Who is Playing Video Games?
Part of figuring out the problem is determining if a large portion of children even play video games. The article "Media Violence Research and Youth Violence Data: Why Do They Conflict? " by Cheryl K. Olson, M.P.H., S.D. cites a 1999 survey by the Kaiser Family Foundation which recorded that 83 percent of children aged 8 to 18 had at least one video game console in their home. Forty-five percent had one in their bedrooms. Additionally, 20 percent, which was mostly comprised of boys, said that they played combat and/or action games.
Mature Video Games
Video games given the distinction of an "M" rating are intended to be sold for a mature audience, meaning individuals aged 17 and older. While stores are supposed to prevent anyone under that age from buying them, according to Olson children ages 13-16 were able to buy such video games 69 percent of the time as reported by a 2003 survey by the United States Federal Trade Commission.
A Deeper Look
Despite the overwhelming number of children playing violent or inappropriate video games, other statistics place the problem in context. According to "Video Games and Youth Violence, Examining the Facts," a study published by the Interactive Digital Software Association, video game sales have dramatically increased at the same time that youth violence has decreased. Furthermore, the same games are sold in other countries, but their rates of violence are lower than in the United States.
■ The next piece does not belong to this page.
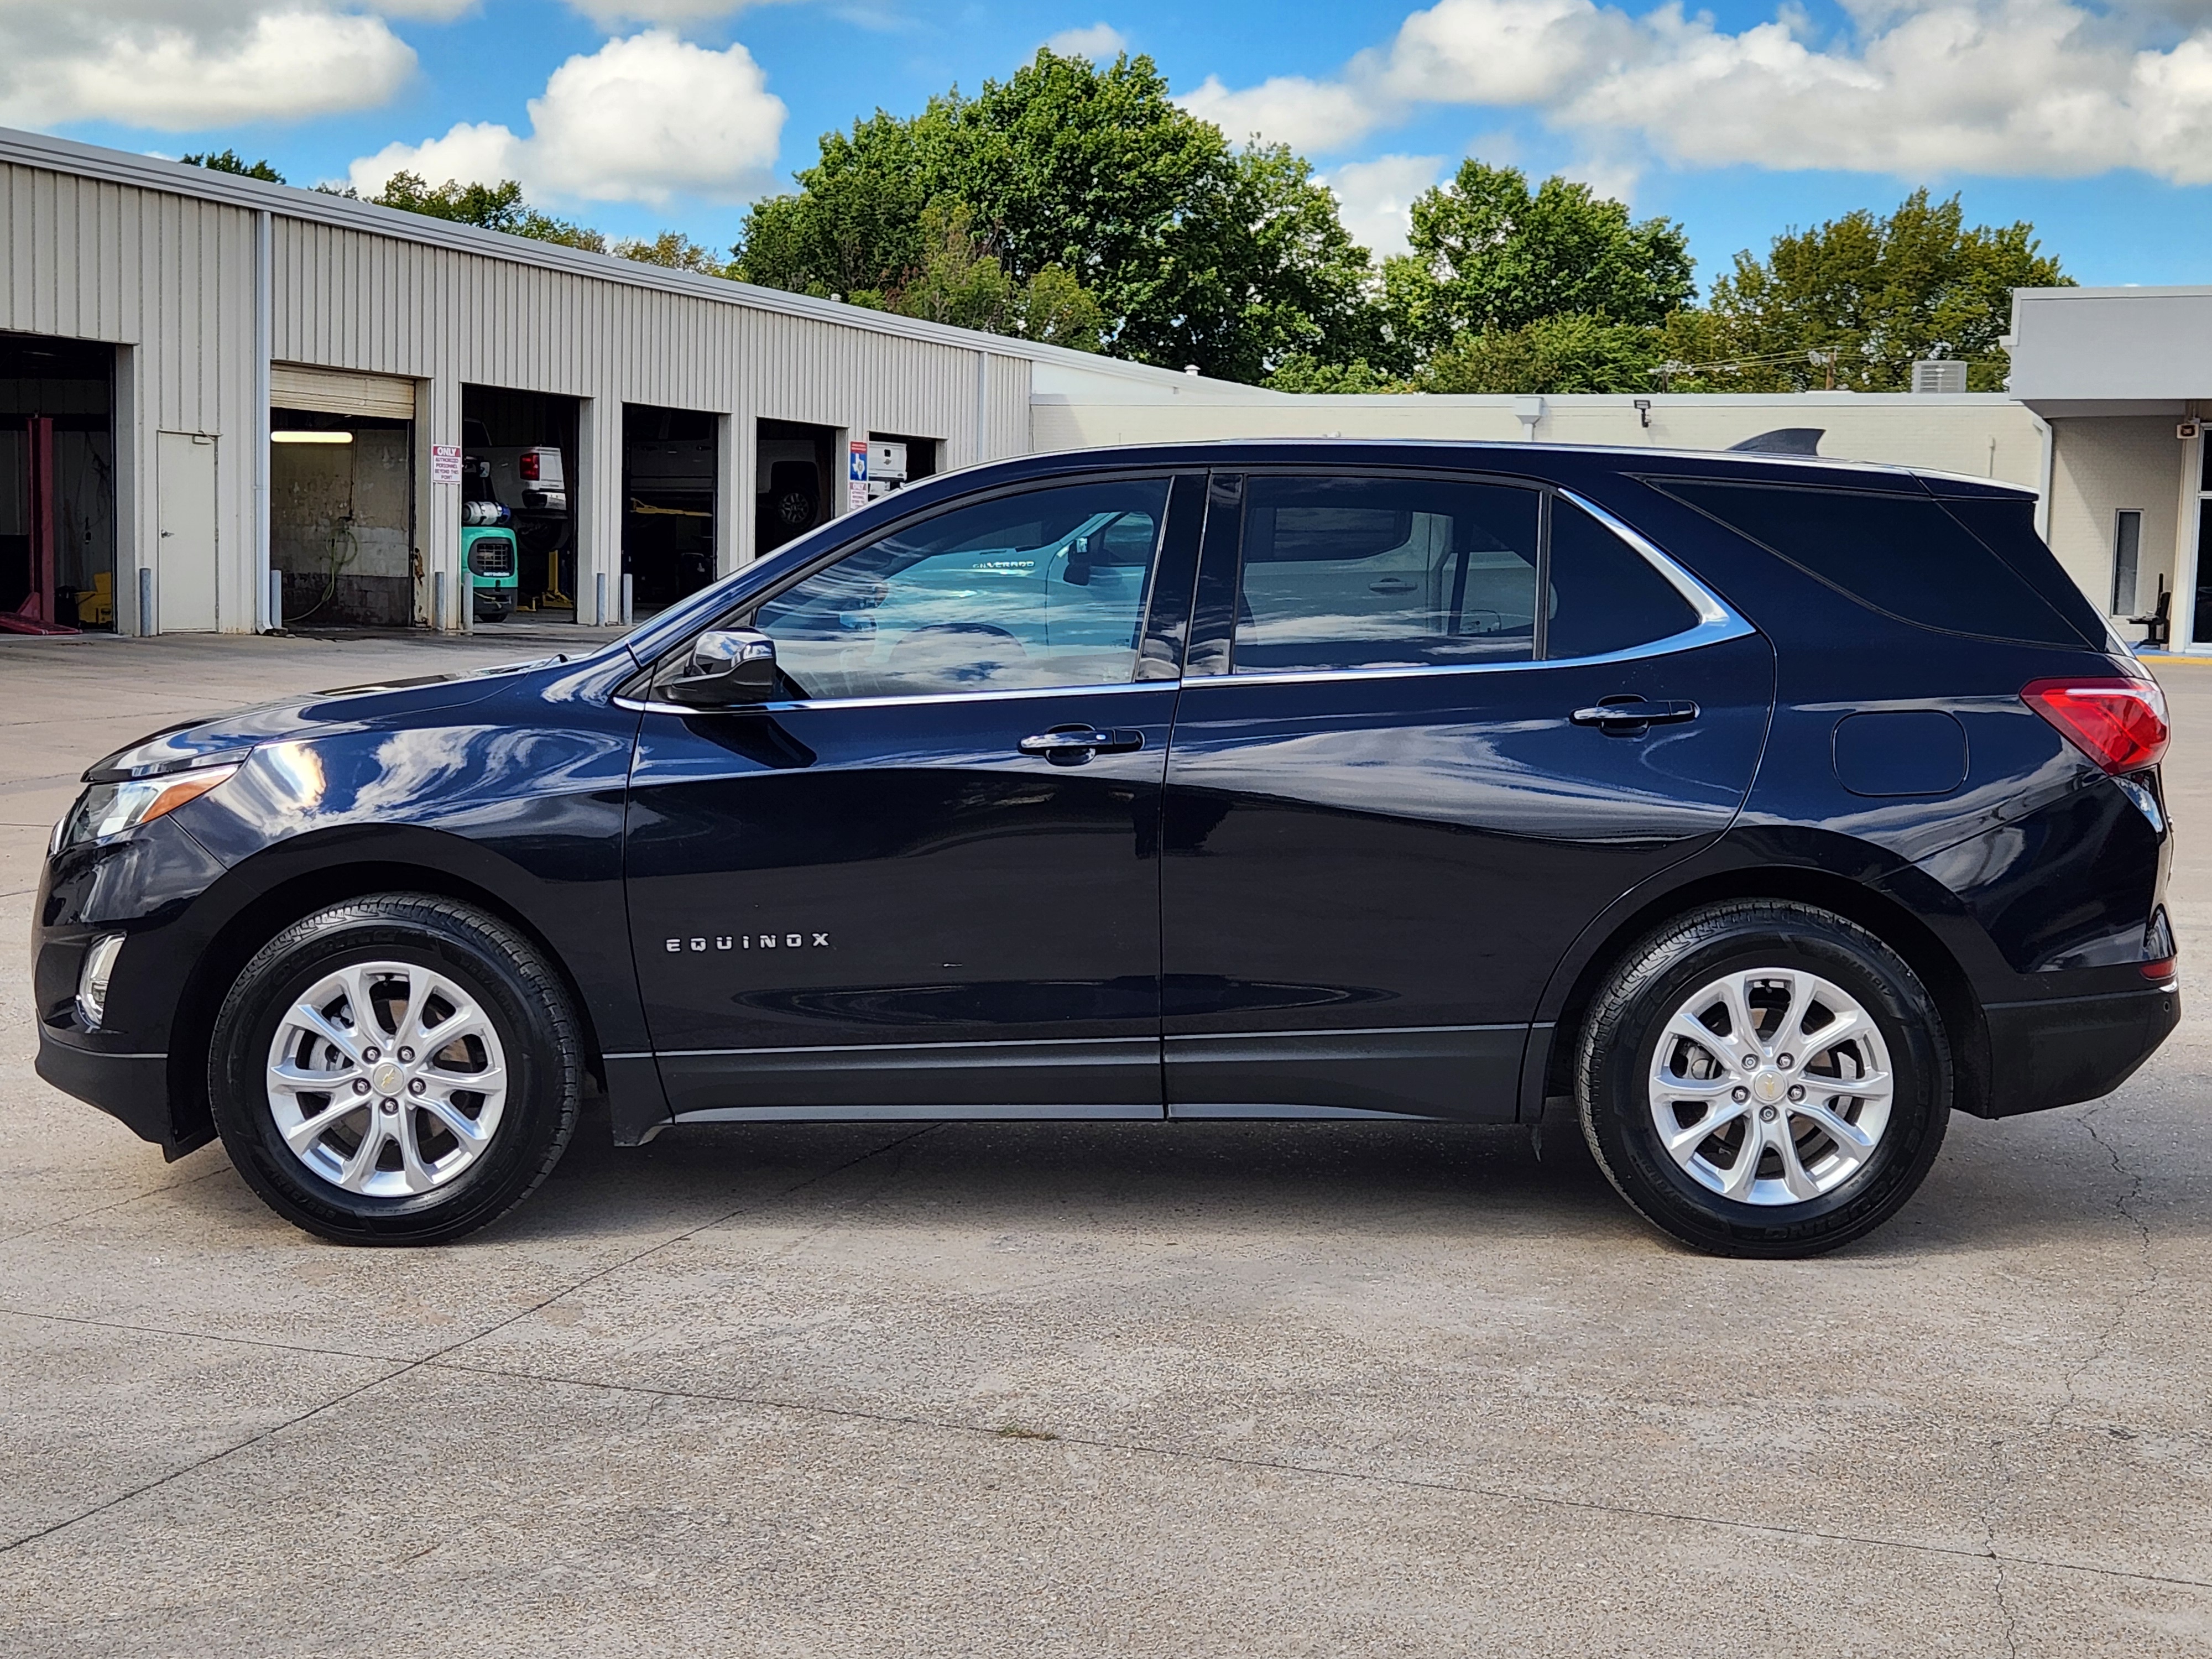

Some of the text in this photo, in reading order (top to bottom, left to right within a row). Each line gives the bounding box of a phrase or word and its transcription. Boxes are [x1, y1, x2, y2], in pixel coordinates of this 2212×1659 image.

Reaching a definitive answer about whether or not video games cause violence is difficult to do, and a number of studies support that notion. In 1998, the United States Department of Justice and Department of Education jointly released a list of warning signs that could lead to violence in children. Playing video games was not on the list. A study by the Australian government determined "that it is very hard to find such effects and they are unlikely to be substantial," while the U.S. Surgeon General stated that "The impact of video games on violent behavior remains to be determined."
Although it may seem that the research suggests that video games do not cause violence, they actually really only say that such a statement cannot be determined. Therefore, parents should monitor what games their children play in order to control the amount of violence that they see by carefully checking the warning labels on the games. The Entertainment Software Rating Board is in charge of rating games, and they rate based on age but also include statements on the game packages that list whether it contains sexual content, violence, foul language, drug and alcohol abuse and so forth.